-
Notifications
You must be signed in to change notification settings - Fork 2k
feat(telco-kpi): add lock-free job preemption based on OCP version priority #72894
New issue
Have a question about this project? Sign up for a free GitHub account to open an issue and contact its maintainers and the community.
By clicking “Sign up for GitHub”, you agree to our terms of service and privacy statement. We’ll occasionally send you account related emails.
Already on GitHub? Sign in to your account
base: master
Are you sure you want to change the base?
Conversation
4948bce to
22ecf85
Compare
|
/pj-rehearse periodic-ci-openshift-kni-eco-ci-cd-main-nightly-4.20-telcov10n-metal-single-node-spoke-kpis |
|
@ccardenosa: now processing your pj-rehearse request. Please allow up to 10 minutes for jobs to trigger or cancel. |
793a663 to
d2985aa
Compare
|
@ccardenosa, Interacting with pj-rehearseComment: Once you are satisfied with the results of the rehearsals, comment: |
d2985aa to
589129e
Compare
|
@ccardenosa, Interacting with pj-rehearseComment: Once you are satisfied with the results of the rehearsals, comment: |
589129e to
a761dfb
Compare
4c8f4c1 to
0b2d3ae
Compare
|
@ccardenosa, Interacting with pj-rehearseComment: Once you are satisfied with the results of the rehearsals, comment: |
ca67d8b to
318722a
Compare
|
/pj-rehearse periodic-ci-openshift-kni-eco-ci-cd-main-nightly-4.20-telcov10n-metal-single-node-spoke-kpis |
|
@ccardenosa: now processing your pj-rehearse request. Please allow up to 10 minutes for jobs to trigger or cancel. |
|
/pj-rehearse periodic-ci-openshift-kni-eco-ci-cd-main-nightly-4.21-telcov10n-metal-single-node-spoke-kpis |
|
@ccardenosa: now processing your pj-rehearse request. Please allow up to 10 minutes for jobs to trigger or cancel. |
|
/pj-rehearse periodic-ci-openshift-kni-eco-ci-cd-main-nightly-4.20-telcov10n-metal-single-node-spoke-kpis |
|
@ccardenosa: now processing your pj-rehearse request.
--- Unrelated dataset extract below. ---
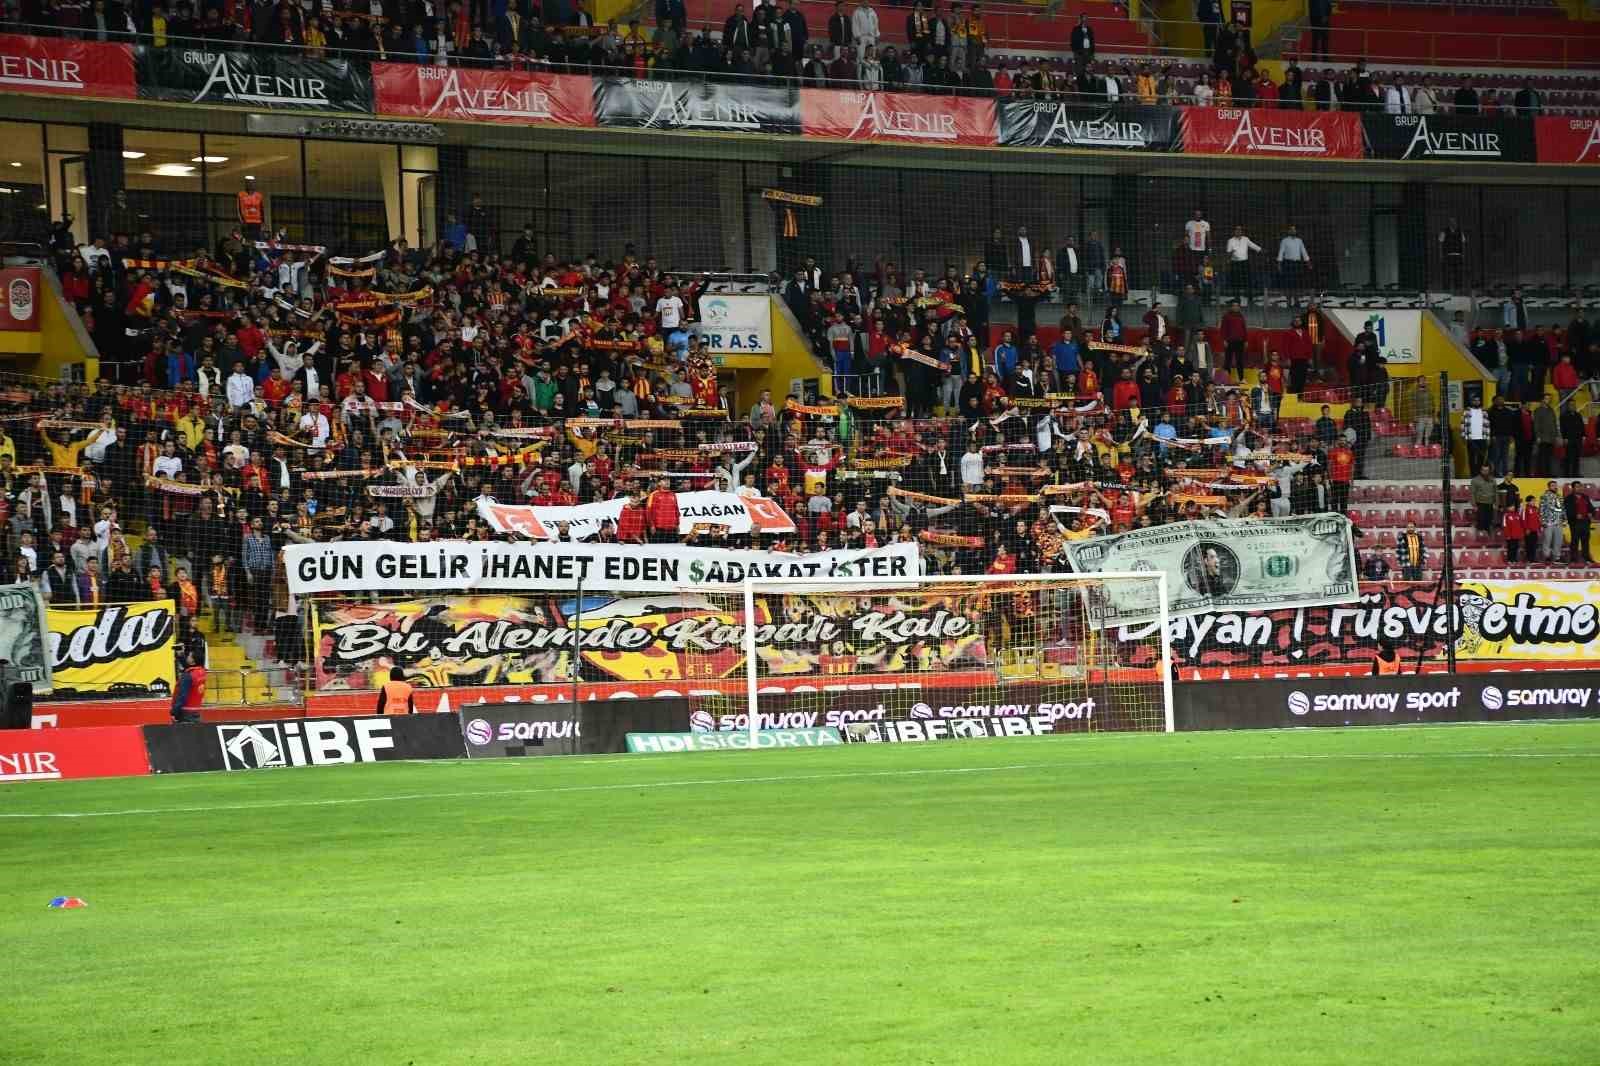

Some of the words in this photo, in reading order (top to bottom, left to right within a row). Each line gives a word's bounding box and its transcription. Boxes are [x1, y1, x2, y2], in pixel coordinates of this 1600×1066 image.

Please allow up to 10 minutes for jobs to trigger or cancel. |
|
/pj-rehearse periodic-ci-openshift-kni-eco-ci-cd-main-nightly-4.20-telcov10n-metal-single-node-spoke-kpis |
ef7bd59 to
9896c65
Compare
|
/pj-rehearse periodic-ci-openshift-kni-eco-ci-cd-main-nightly-4.20-telcov10n-metal-single-node-spoke-kpis |
|
@ccardenosa: now processing your pj-rehearse request. Please allow up to 10 minutes for jobs to trigger or cancel. |
|
/assign @eifrach |
|
/pj-rehearse periodic-ci-openshift-kni-eco-ci-cd-main-nightly-4.21-telcov10n-metal-single-node-spoke-kpis |
|
@ccardenosa: now processing your pj-rehearse request. Please allow up to 10 minutes for jobs to trigger or cancel. |
|
/pj-rehearse periodic-ci-openshift-kni-eco-ci-cd-main-nightly-4.22-telcov10n-metal-single-node-spoke-kpis |
|
@ccardenosa: now processing your pj-rehearse request. Please allow up to 10 minutes for jobs to trigger or cancel. |
18ecbdd to
c8f7c83
Compare
|
[APPROVALNOTIFIER] This PR is APPROVED This pull-request has been approved by: ccardenosa The full list of commands accepted by this bot can be found here. The pull request process is described here DetailsNeeds approval from an approver in each of these files:
Approvers can indicate their approval by writing |
|
/pj-rehearse periodic-ci-openshift-kni-eco-ci-cd-main-nightly-4.20-telcov10n-metal-single-node-spoke-kpis |
|
@ccardenosa: now processing your pj-rehearse request. Please allow up to 10 minutes for jobs to trigger or cancel. |
…iority
Problem:
Multiple Telco KPI Prow jobs compete for the same baremetal host. Lower OCP
version jobs can block higher version jobs for extended periods, delaying
critical testing for newer releases.
Solution:
Implement a lock-free preemption mechanism where higher OCP version jobs can
signal lower version jobs to quit, freeing the baremetal host sooner.
How it works:
1. WAITING PHASE: Each job creates a unique waiting file on the bastion BEFORE
attempting to acquire the lock: <lock>.waiting.<nanosecond_timestamp>.<ocp_version>
Example: spoke-baremetal-50-7c-6f-5c-47-8c.lock.waiting.1766568440841947242.4.22
This ensures the job's presence is visible even if it immediately gets the lock.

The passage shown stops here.